Task to carry out >> The records below are to be restated word for word; their pictures are not.

Material for this exercise >>
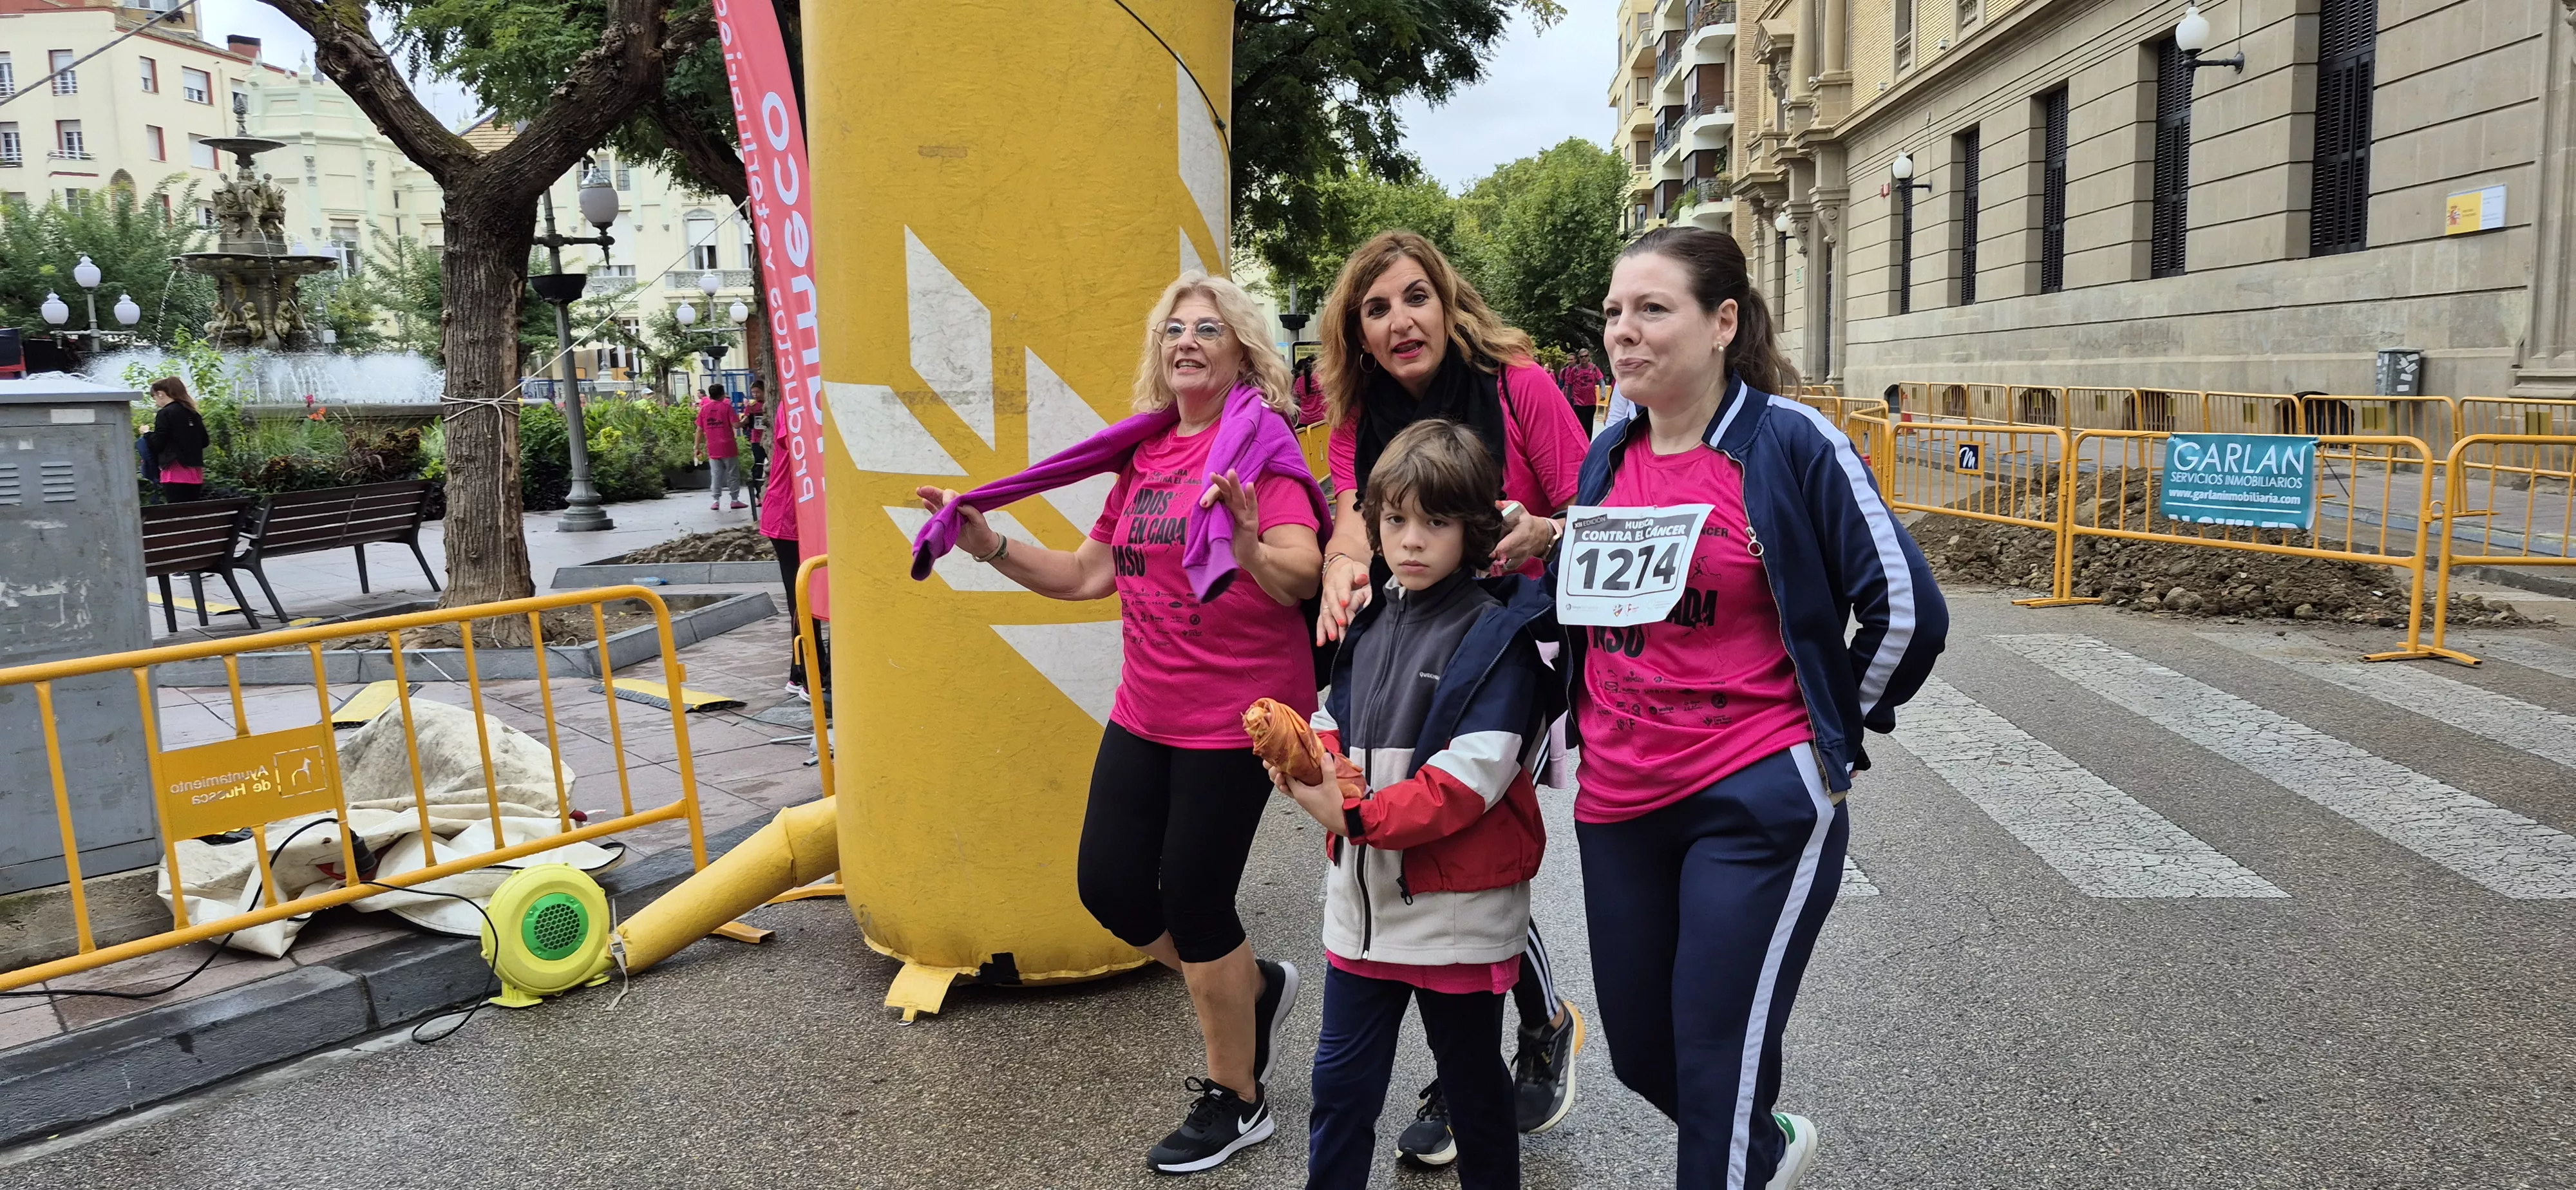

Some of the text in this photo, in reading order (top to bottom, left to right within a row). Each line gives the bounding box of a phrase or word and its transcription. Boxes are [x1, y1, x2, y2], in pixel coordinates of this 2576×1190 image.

[2174, 442, 2307, 475] GARLAN
[2170, 471, 2303, 489] SERVICIOS INMOBILIARIOS
[1583, 515, 1606, 527] EDICIÓN
[1625, 518, 1654, 529] HUESCA
[1582, 524, 1687, 541] CONTRA EL CÁNCER
[1576, 542, 1681, 591] 1274
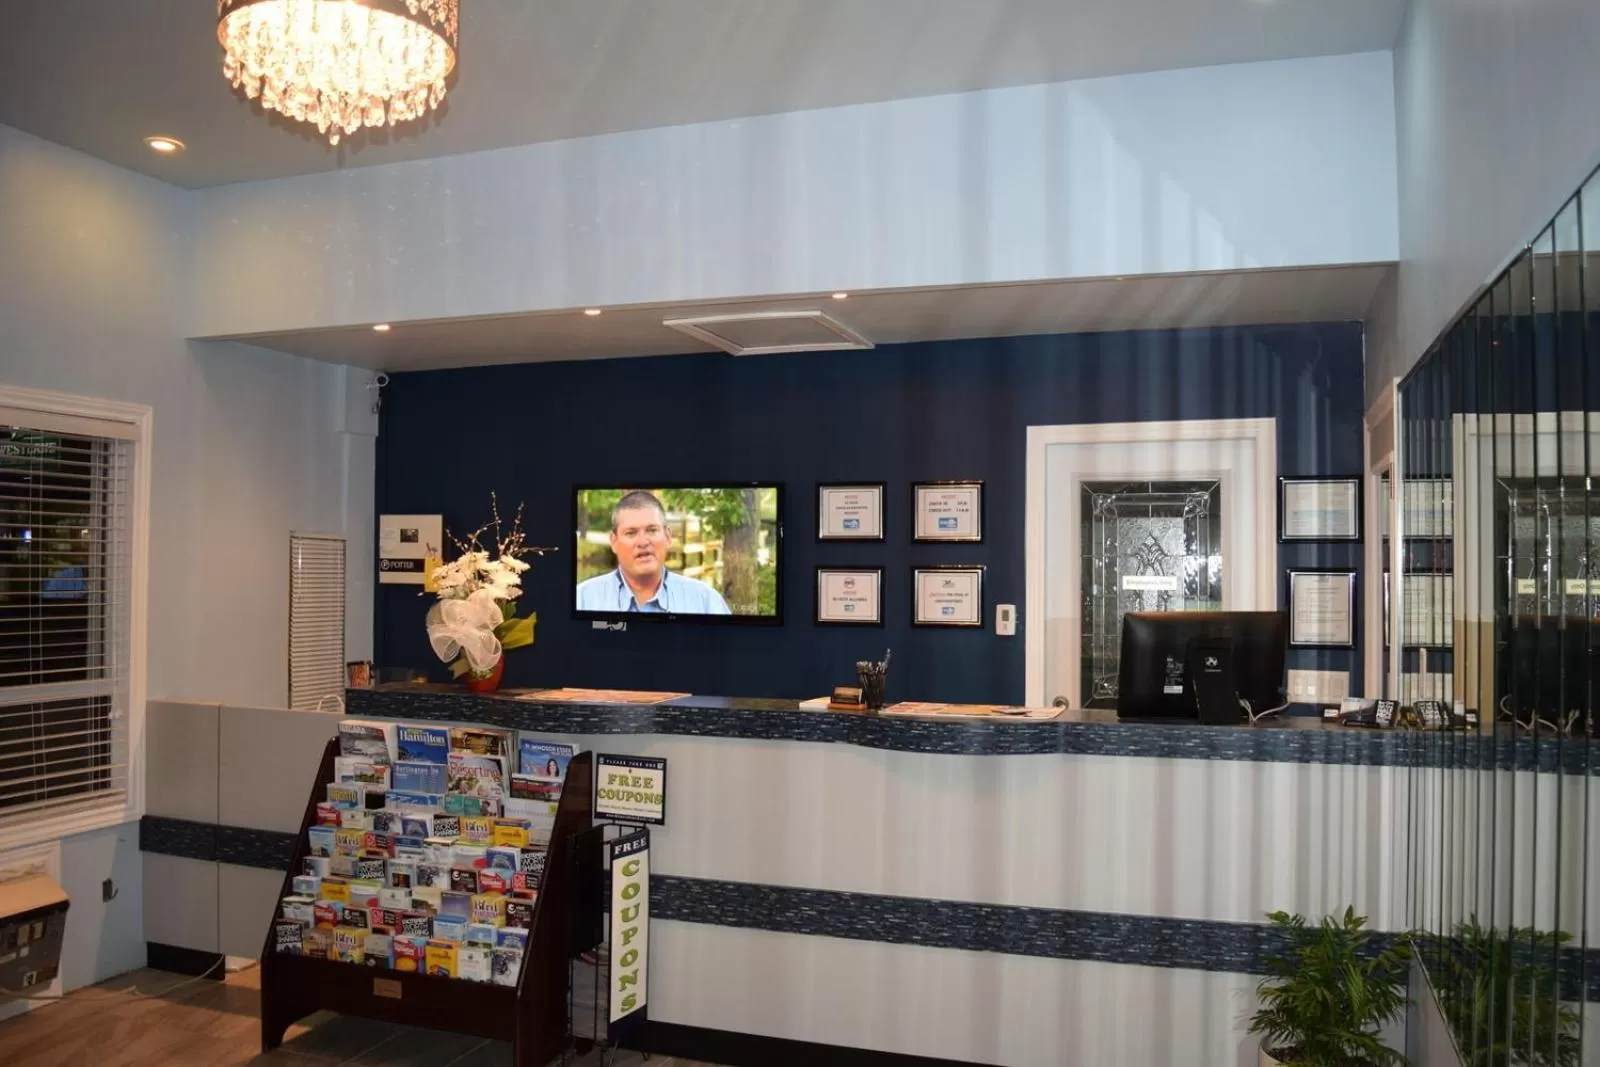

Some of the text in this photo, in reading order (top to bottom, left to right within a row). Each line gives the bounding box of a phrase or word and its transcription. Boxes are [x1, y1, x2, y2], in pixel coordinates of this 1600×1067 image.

[607, 773, 654, 789] FREE
[598, 787, 663, 805] COUPONS
[614, 836, 648, 855] FREE
[618, 858, 641, 1013] COUPONS
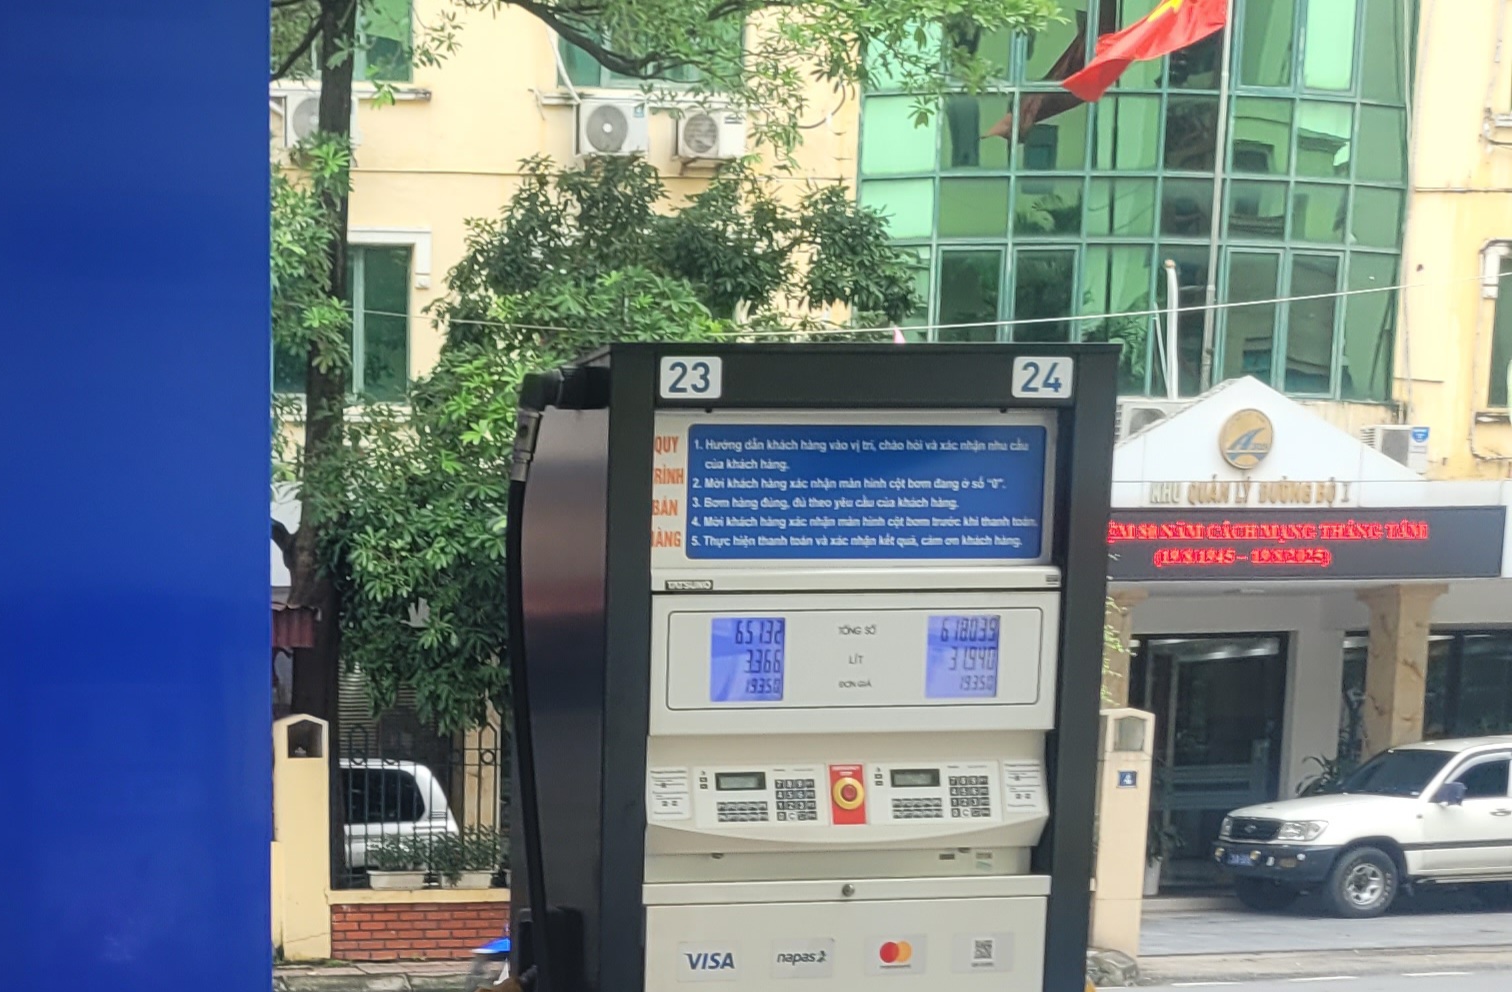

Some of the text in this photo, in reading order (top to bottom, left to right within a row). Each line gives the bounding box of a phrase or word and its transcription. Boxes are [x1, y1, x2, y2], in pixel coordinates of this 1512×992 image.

Completed task >>
Some of the text in this photo, in reading order (top to bottom, left to right within a row). Each line gives the bounding box of a phrase or word and its transcription. Boxes are [x1, y1, x2, y2], in pixel coordinates of this 2576×1190 image.

[2174, 442, 2307, 475] GARLAN
[2170, 471, 2303, 489] SERVICIOS INMOBILIARIOS
[1583, 515, 1606, 527] EDICIÓN
[1625, 518, 1654, 529] HUESCA
[1582, 524, 1687, 541] CONTRA EL CÁNCER
[1576, 542, 1681, 591] 1274

Some of the text in this photo, in reading order (top to bottom, left to right within a row). Each line gives the bounding box of a phrase or word and its transcription. Boxes are [x1, y1, x2, y2], in pixel coordinates of this 1600×1067 image.

[607, 773, 654, 789] FREE
[598, 787, 663, 805] COUPONS
[614, 836, 648, 855] FREE
[618, 858, 641, 1013] COUPONS

Some of the text in this photo, in reading order (top to bottom, left to right within a row). Each line gives the bounding box of a phrase or word and its transcription. Boxes are [x1, y1, x2, y2], in pixel coordinates of this 1512×992 image.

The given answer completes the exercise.